Download or read book An Anthology of Migration and Social Transformation written by Anna Amelina and published by Springer. This book was released on 2015-12-01 with total page 361 pages. Available in PDF, EPUB and Kindle. Book excerpt: The contributions of this book examine contemporary dynamics of migration and mobility in the context of the general societal transformations that have taken place in Europe over the past few decades. The book will help readers to better understand the manifold ways in which migration trends in the region are linked to changing political-economic constellations, orders of power and inequality, and political discourses. It begins with an introduction to a number of theoretical approaches that address the nexus between migration and general societal shifts, including processes of supranationalisation, EU enlargement, postsocialist transformations and rescaling.
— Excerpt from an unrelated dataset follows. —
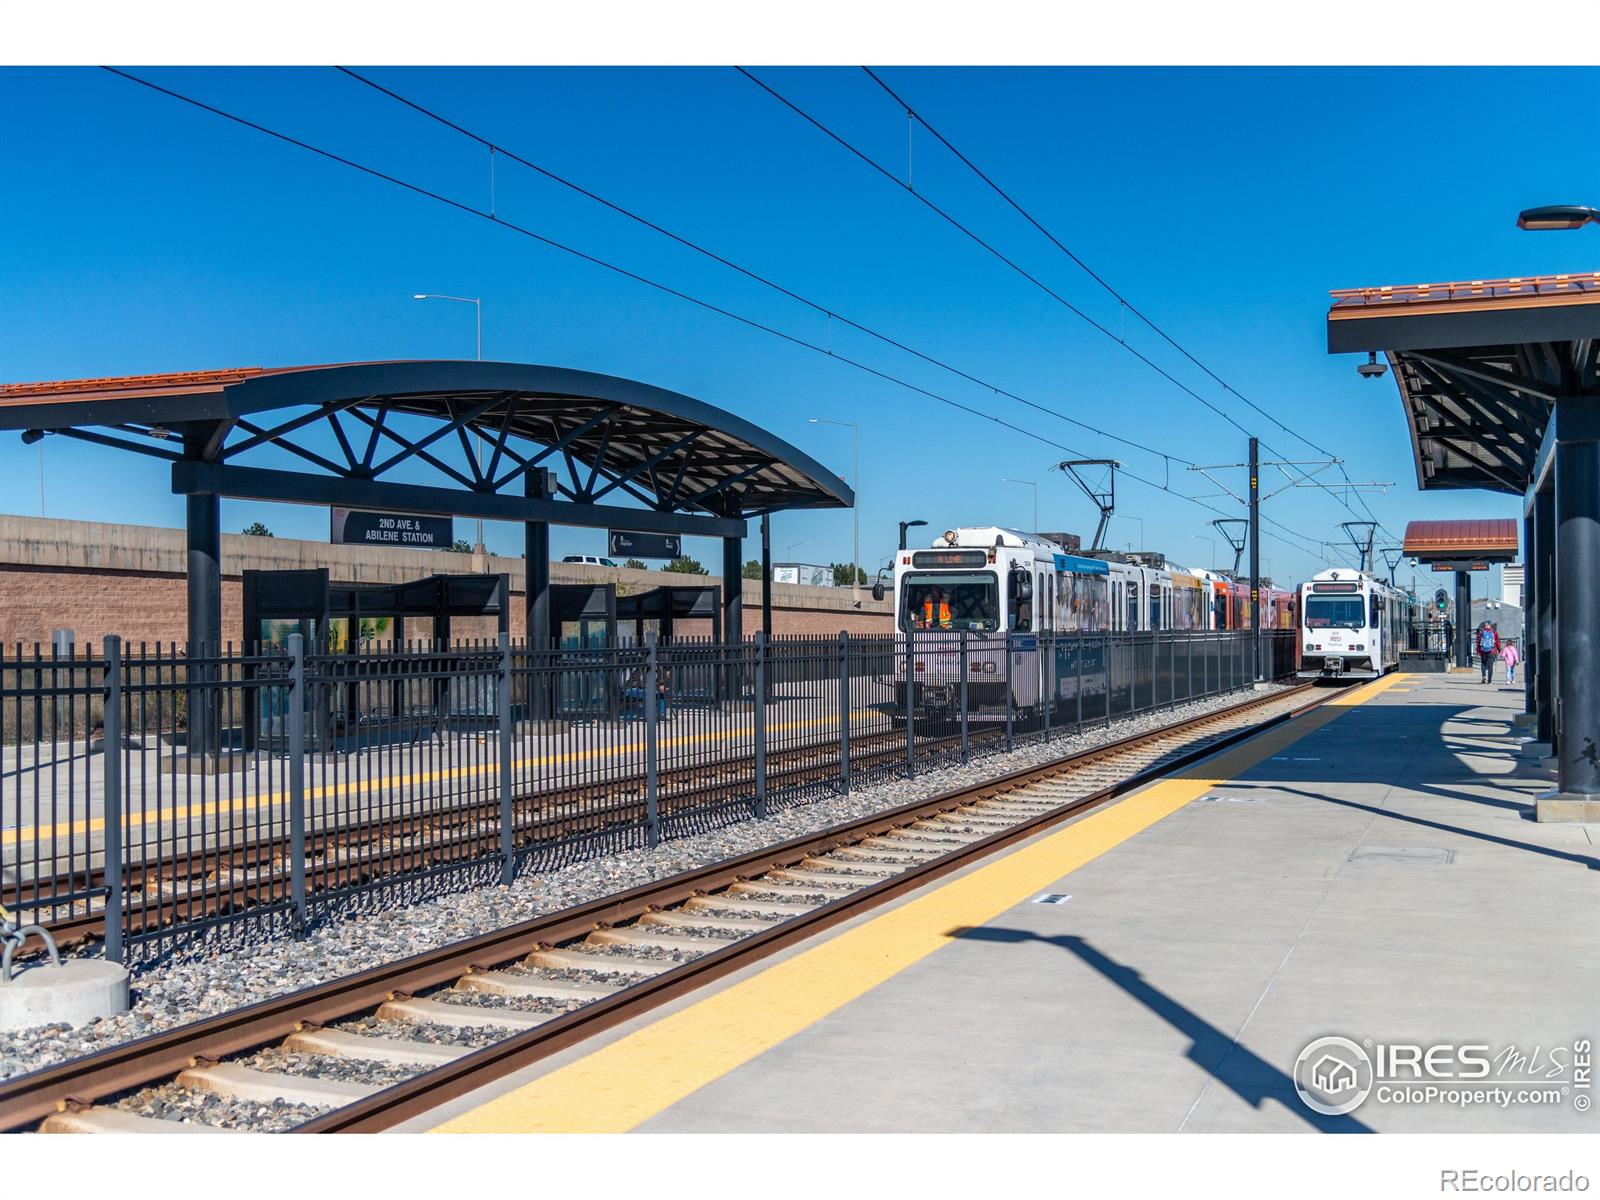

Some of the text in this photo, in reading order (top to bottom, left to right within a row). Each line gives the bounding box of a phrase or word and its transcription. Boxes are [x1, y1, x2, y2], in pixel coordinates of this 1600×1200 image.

[379, 518, 421, 530] 2ND AVE. &
[365, 530, 434, 543] ABILENE STATION
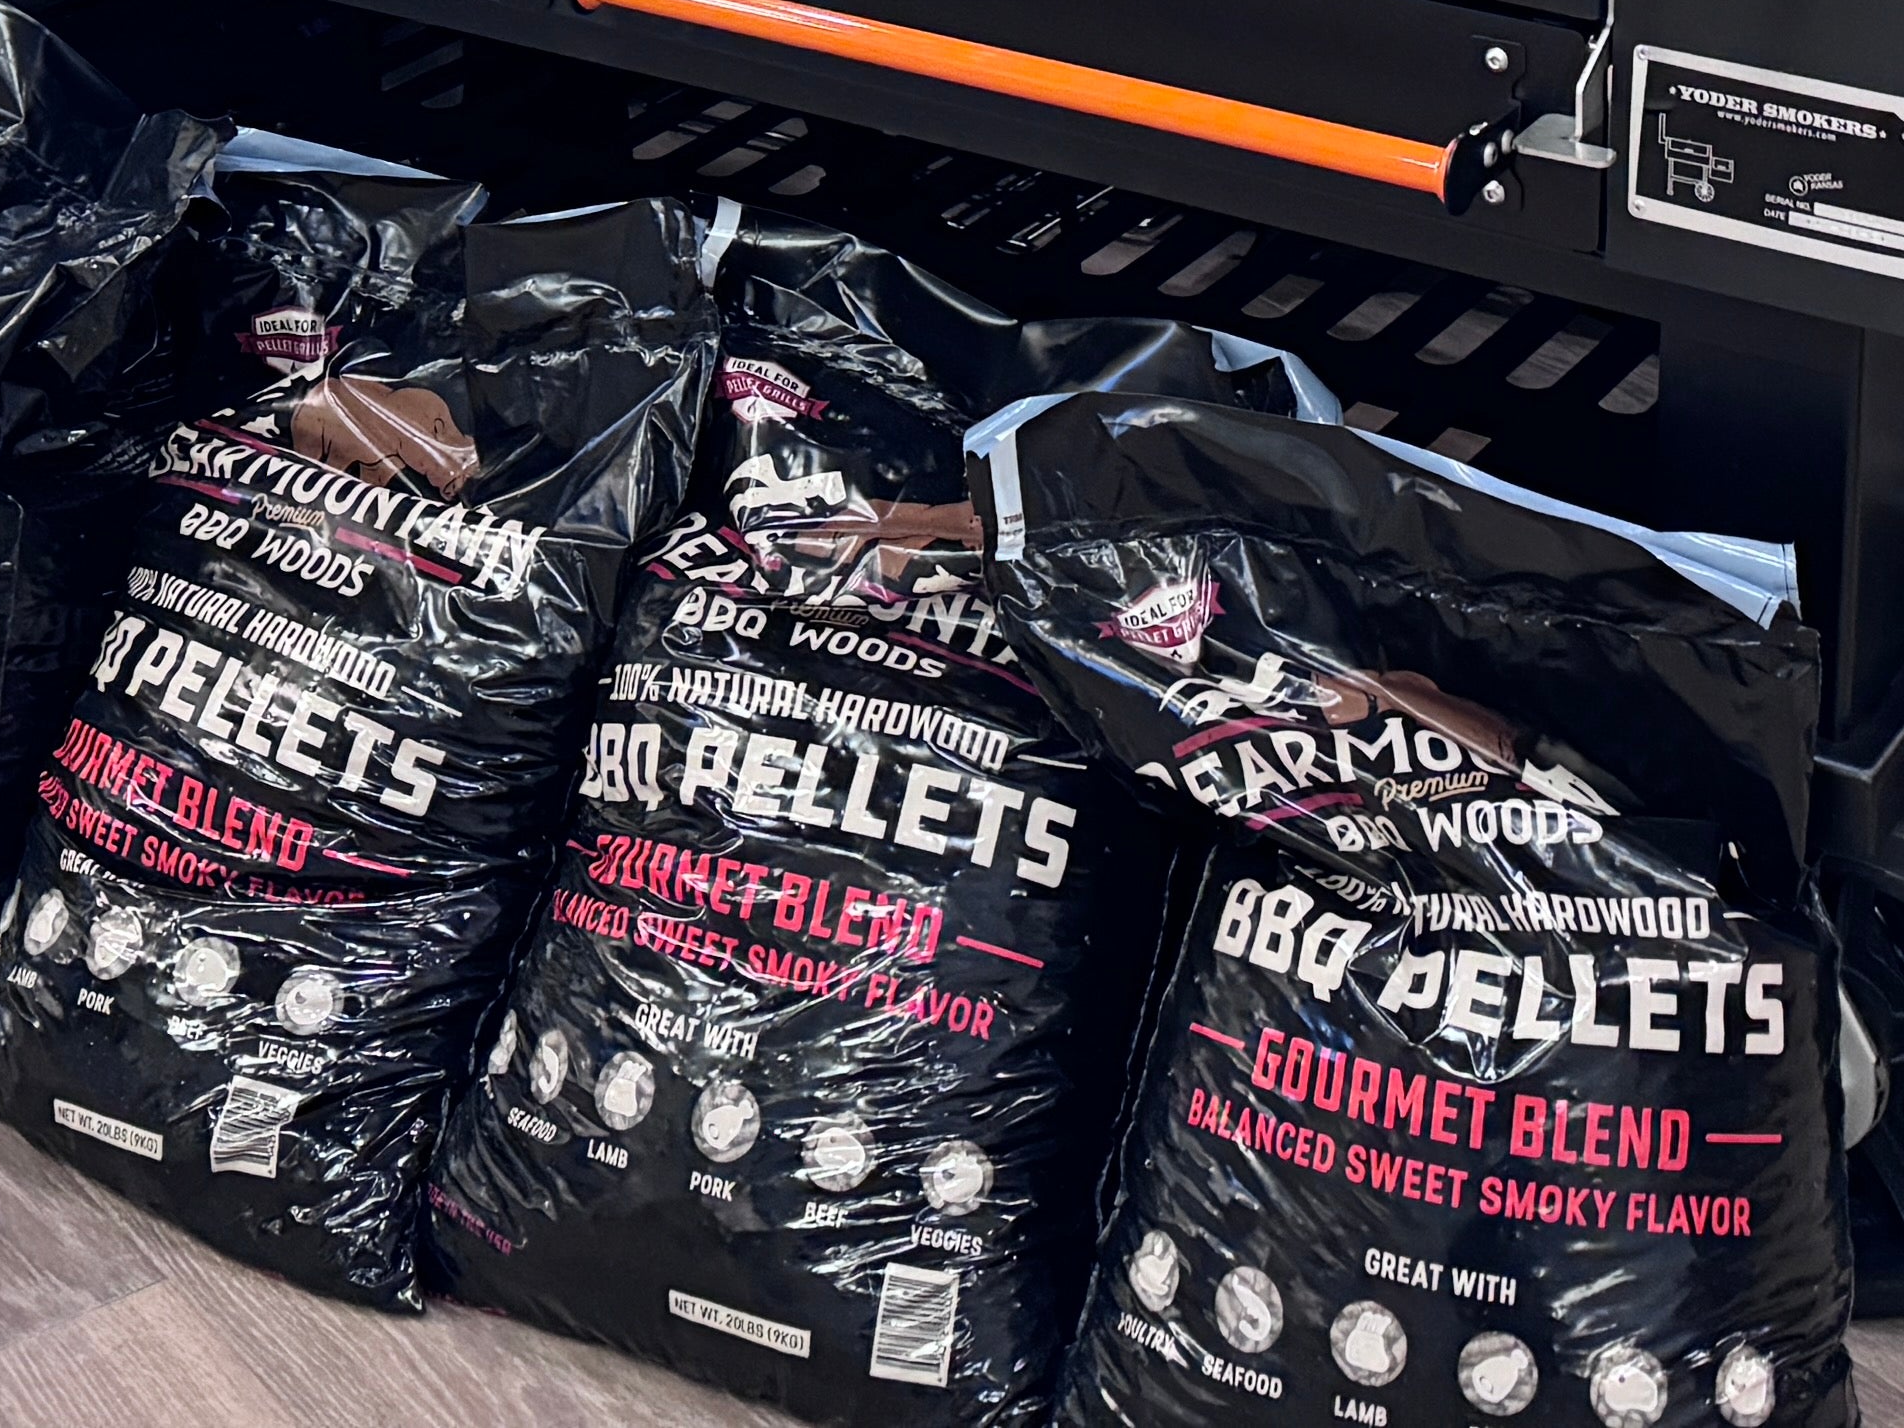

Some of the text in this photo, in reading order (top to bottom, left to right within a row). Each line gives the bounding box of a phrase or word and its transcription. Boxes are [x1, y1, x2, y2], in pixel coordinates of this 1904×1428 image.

It then provides a comprehensive overview of the political regulation of migration through border control and immigration policies. The contributions that follow detail the dynamic changes of individual migration patterns and their implications for the agency of mobile individuals. The final part challenges the reader to consider how policies and practices of migration are linked to symbolic struggles over belonging and rights, describing a wide range of expressions of such conflicts, from cosmopolitanism to racism and xenophobia. This book is aimed at researchers in various fields of the social sciences and can be used as course reading for undergraduate, graduate and postgraduate courses in the areas of international migration, transnational and European studies. It will be a beneficial resource for scholars looking for material on the most current conceptual tools for analysis of the nexus of migration and societal transformation in Europe.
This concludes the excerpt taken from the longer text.